Durch das Gesetz zur Modernisierung des Körperschaftsteuerrechts[1] ist nicht nur die Option für Personengesellschaften zur Körperschaftsteuer eingeführt worden, sondern wurde auch das System der organschaftlichen Ausgleichsposten auf die Einlagenlösung umgestellt. Betroffen von der Neuregelung sind die Minder- und Mehrabführungen der Organgesellschaft mit Ursache in organschaftlicher Zeit nach § 14 Abs. 4 KStG. Für diese Fälle wurden bisher in der Steuerbilanz des Organträgers aktive und passive Ausgleichsposten gebildet. Dabei war unklar, welchen Charakter diese Ausgleichsposten hatten. Denkbar waren Bilanzierungshilfen, aber auch Korrekturposten zu dem Wertansatz der Beteiligung an der Organgesellschaft. § 14 Abs. 4 S. 4 KStG a. F., wonach auf die Ausgleichsposten §§ 3 Nr. 40, 3c Abs. 2 EStG sowie § 8b KStG anzuwenden waren, sprach bisher schon dafür, dass es sich nicht nur um Bilanzierungshilfen handelte, sondern um Korrekturposten zum Bilanzansatz der Beteiligung.[2] Die Neuregelung ordnet nun die Minder- und Mehrabführungen in der Bilanz des Organträgers eindeutig der Bilanzierung der Beteiligung in der Steuerbilanz zu. Die Regelung der organschaftlichen Minder- und Mehrabführungen aus organschaftlicher Zeit ist daher an die Behandlung der Minderabführungen mit Ursache in vororganschaftlicher Zeit angeglichen worden, die nach § 14 Abs. 3 S. 2 KStG ebenfalls als Einlage behandelt wird. Unterschiede bestehen nur bei Mehrabführungen, die bei Verursachung in vororganschaftlicher Zeit nach § 14 Abs. 3 S. 1 KStG als Gewinnausschüttung, bei Verursachung in organschaftlicher Zeit nach § 14 Abs. 4 S. 2 KStG n. F. als Einlagenrückgewähr behandelt werden.[3]
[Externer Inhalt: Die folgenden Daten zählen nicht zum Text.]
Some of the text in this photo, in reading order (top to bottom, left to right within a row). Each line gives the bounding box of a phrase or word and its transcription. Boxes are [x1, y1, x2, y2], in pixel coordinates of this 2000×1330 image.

[1] G. v. 25.6.2021, BGBl I 2021, 2050; hierzu Schwalm, DStR 2021, 980; Dorn/Dibbert, DB 2021, 706; Himmer/Liedgens, DB 2021, 1221.
[3] Zu Minder- und Mehrabführungen mit Ursache in vororganschaftlicher Zeit Frotscher, G., in Frotscher/Drüen, KStG/GewStG/UmwStG, § 14 KStG Rz. 739ff.
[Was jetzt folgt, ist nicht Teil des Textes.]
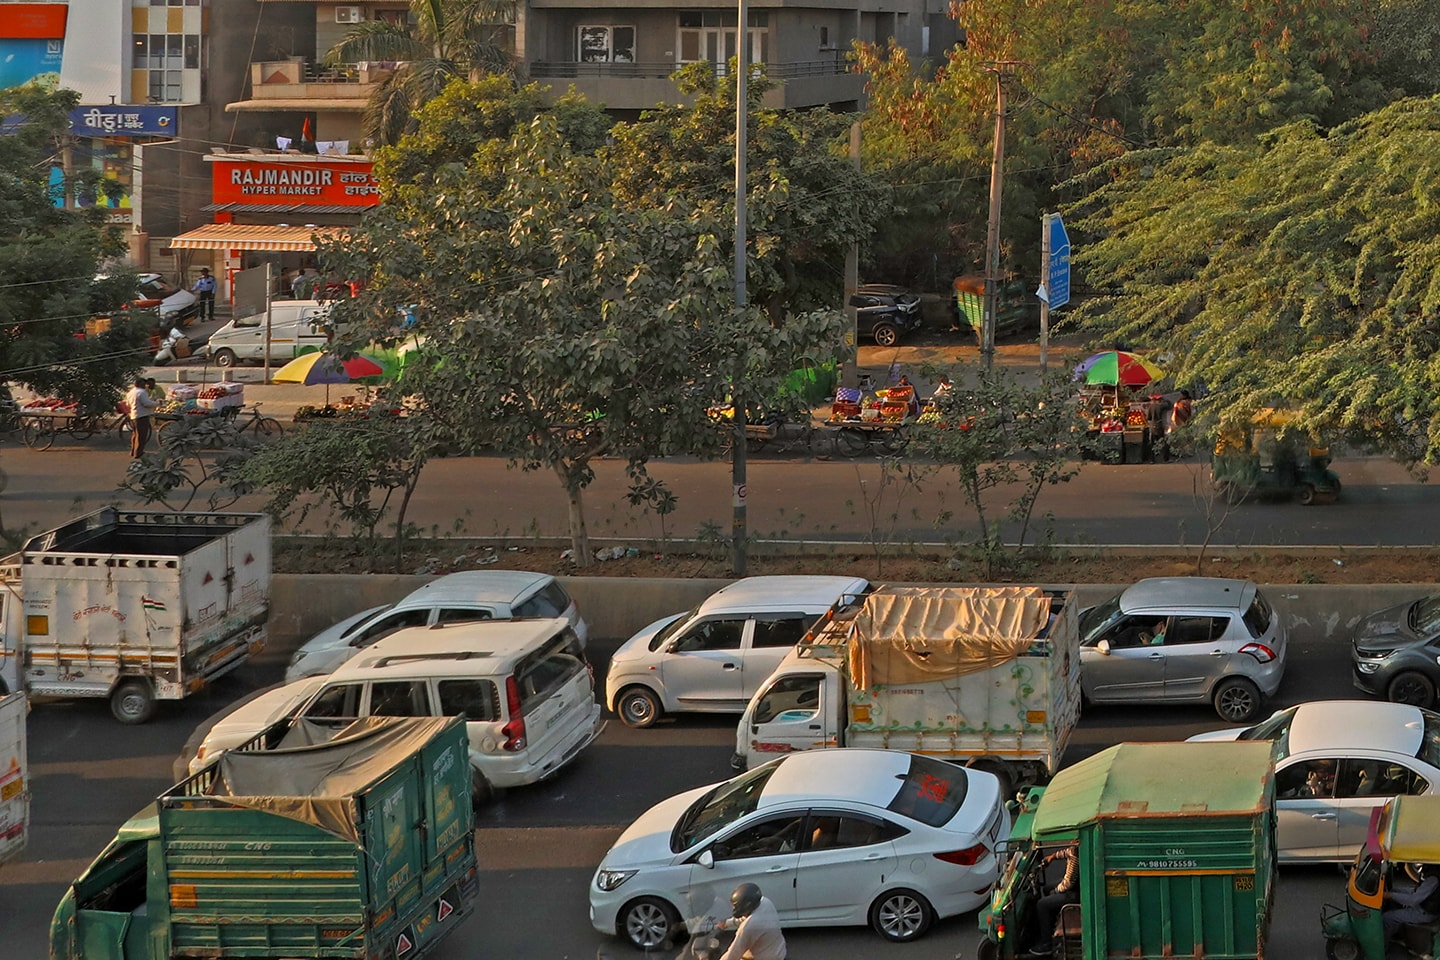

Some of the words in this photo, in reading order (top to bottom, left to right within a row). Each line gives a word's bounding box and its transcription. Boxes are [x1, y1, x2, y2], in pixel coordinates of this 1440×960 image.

[231, 169, 332, 185] RAJMANDIR
[241, 186, 276, 195] HYPER
[279, 186, 322, 195] MARKET
[57, 673, 76, 682] CNG
[1166, 848, 1185, 856] CNG
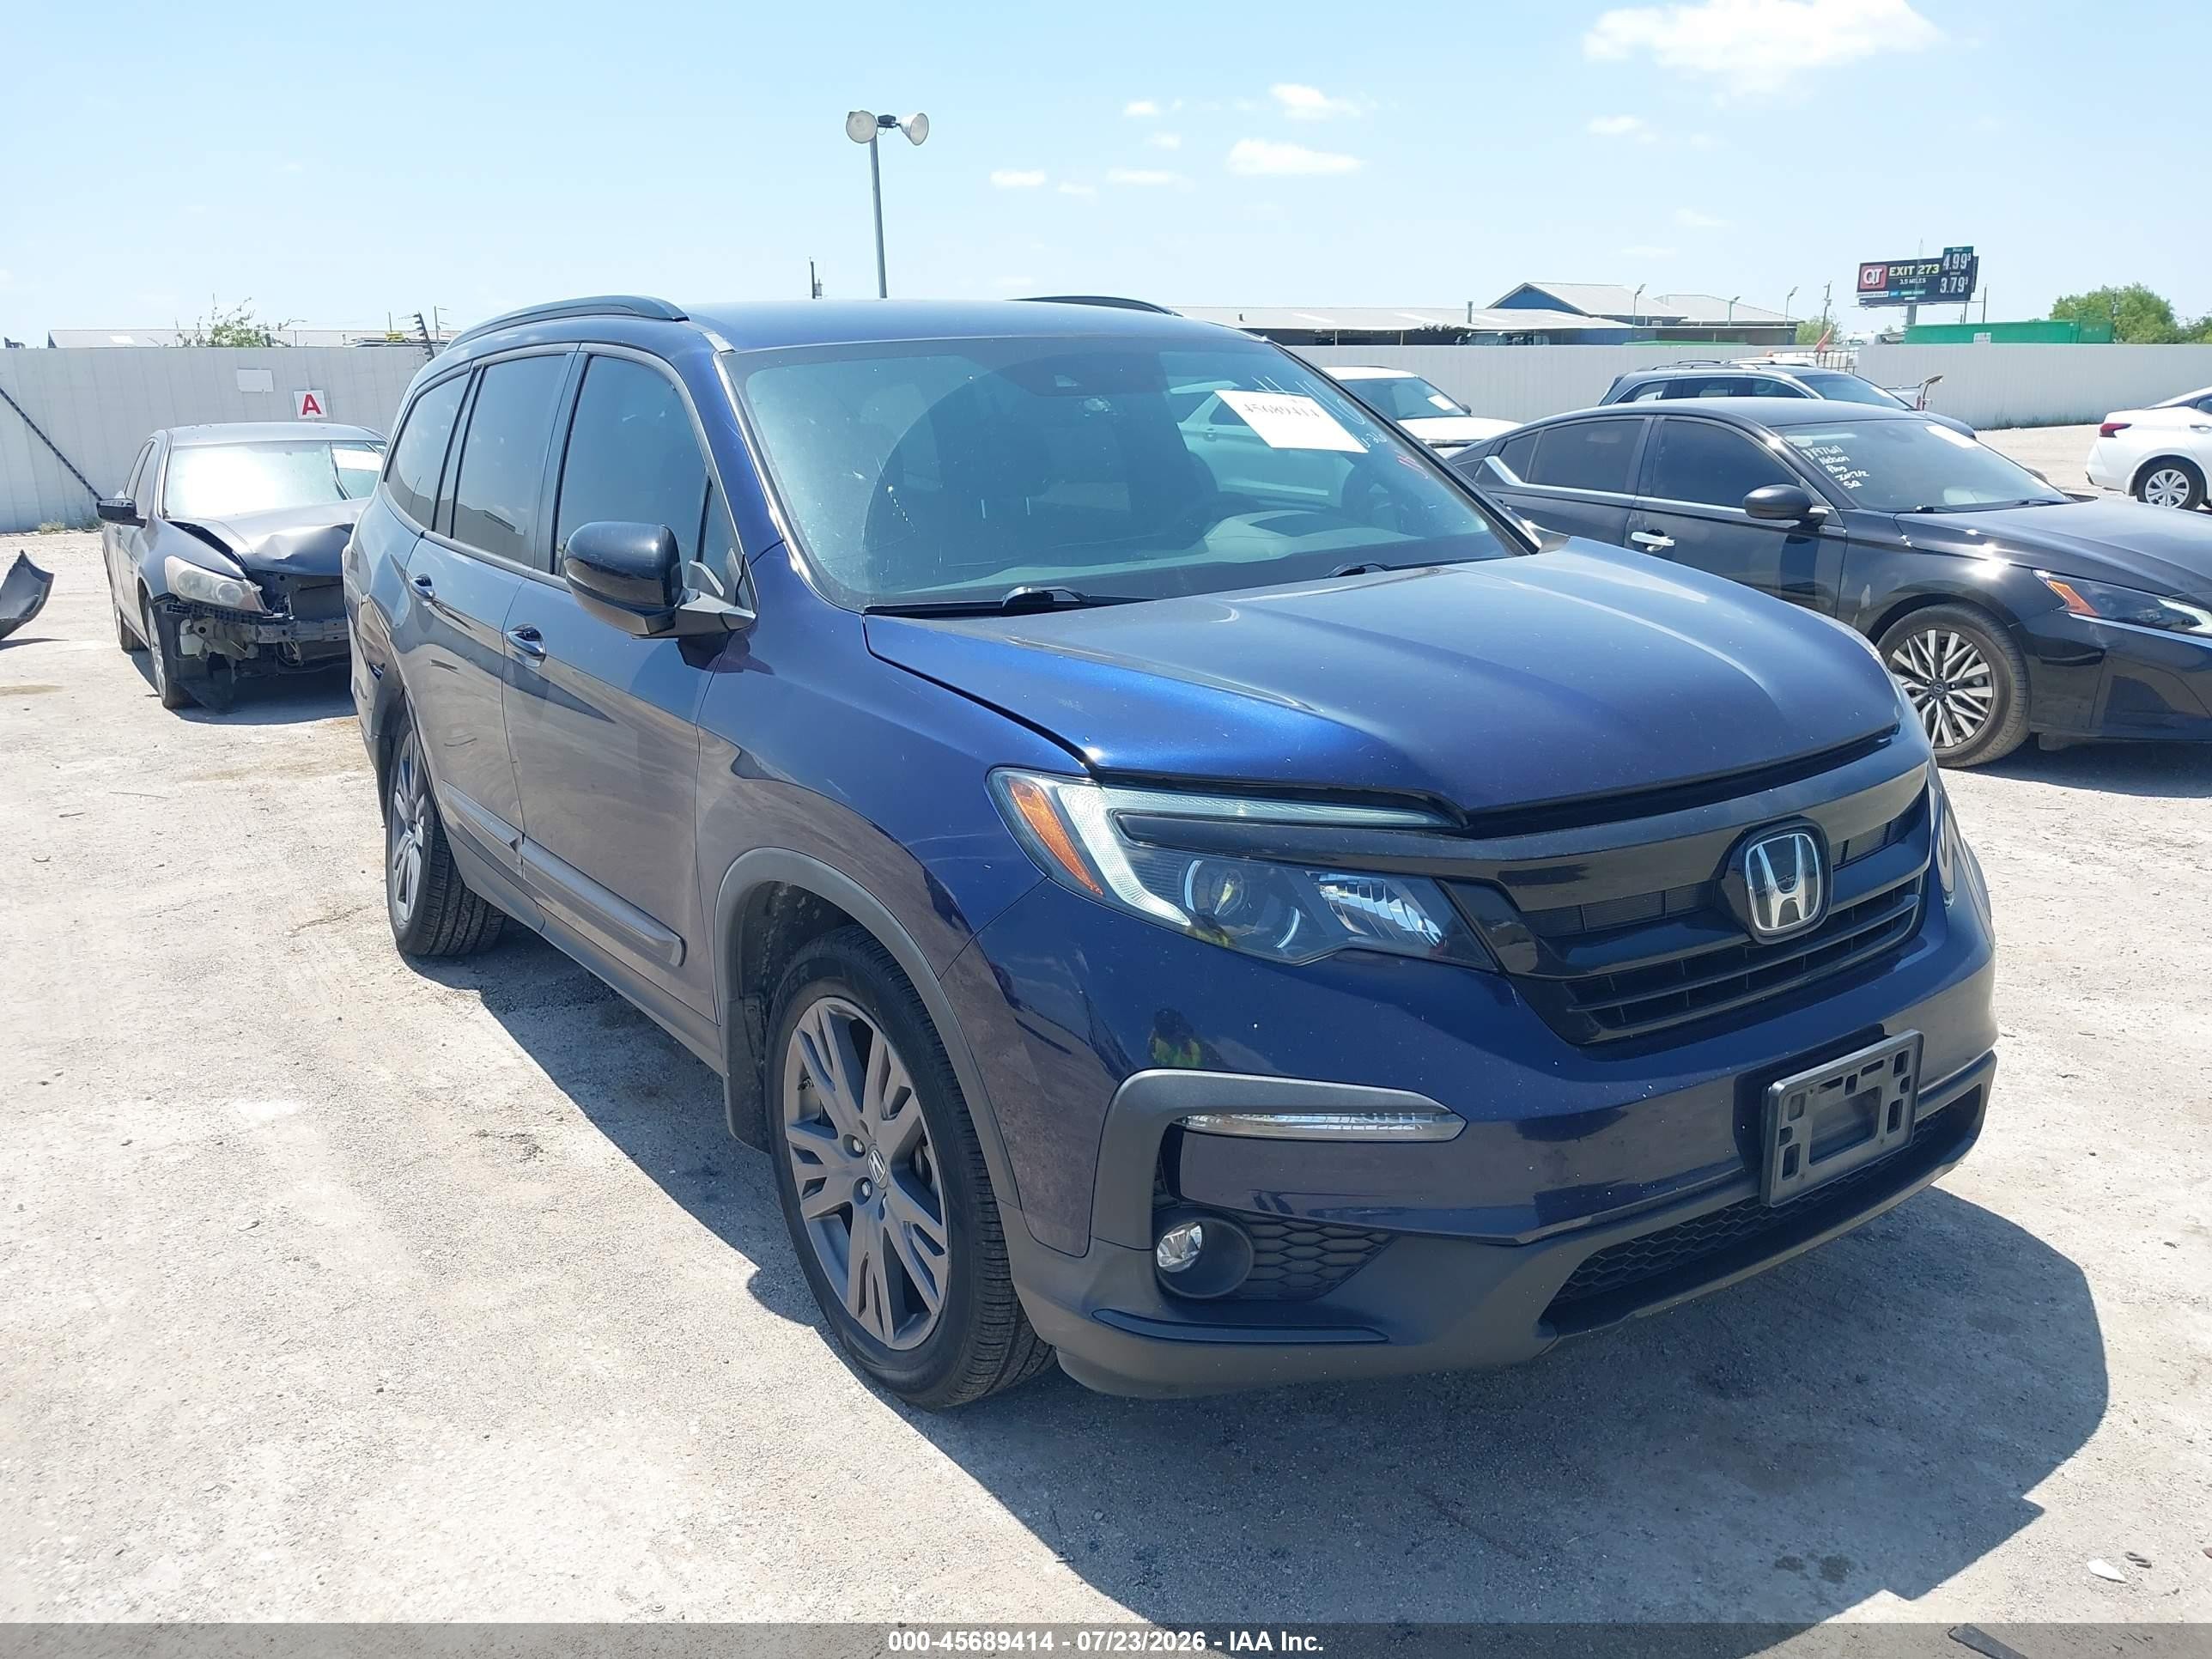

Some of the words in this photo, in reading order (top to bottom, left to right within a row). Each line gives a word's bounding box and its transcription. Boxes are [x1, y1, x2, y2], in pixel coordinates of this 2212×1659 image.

[1863, 268, 1883, 286] QT
[1889, 265, 1916, 276] EXIT
[1917, 264, 1940, 276] 273
[301, 393, 322, 416] A
1.2 Inkrafttreten der Neuregelung

 

Rz. 2

Nach § 34 Abs. 6e S. 5 KStG ist die Neuregelung erstmals auf Minder- und Mehrabführungen anzuwenden, die in einem Wirtschaftsjahr erfolgen, das nach dem 31.12.2021 endet. Vorher erfolgte Minder- und Mehrabführungen werden noch in Ausgleichsposten abgebildet. Letztmalig sind daher Ausgleichsposten in der Steuerbilanz auf das Ende des letzten Wirtschaftsjahres zu bilden, das vor dem 1.1.2022 endet. Jedoch werden diese Ausgleichsposten in dem nächsten Wirtschaftsjahr des Organträgers aufgelöst und dem Buchwert der Beteiligung zugeschlagen, also dem Wirtschaftsjahr, das nach dem 31.12.2021 endet.[1]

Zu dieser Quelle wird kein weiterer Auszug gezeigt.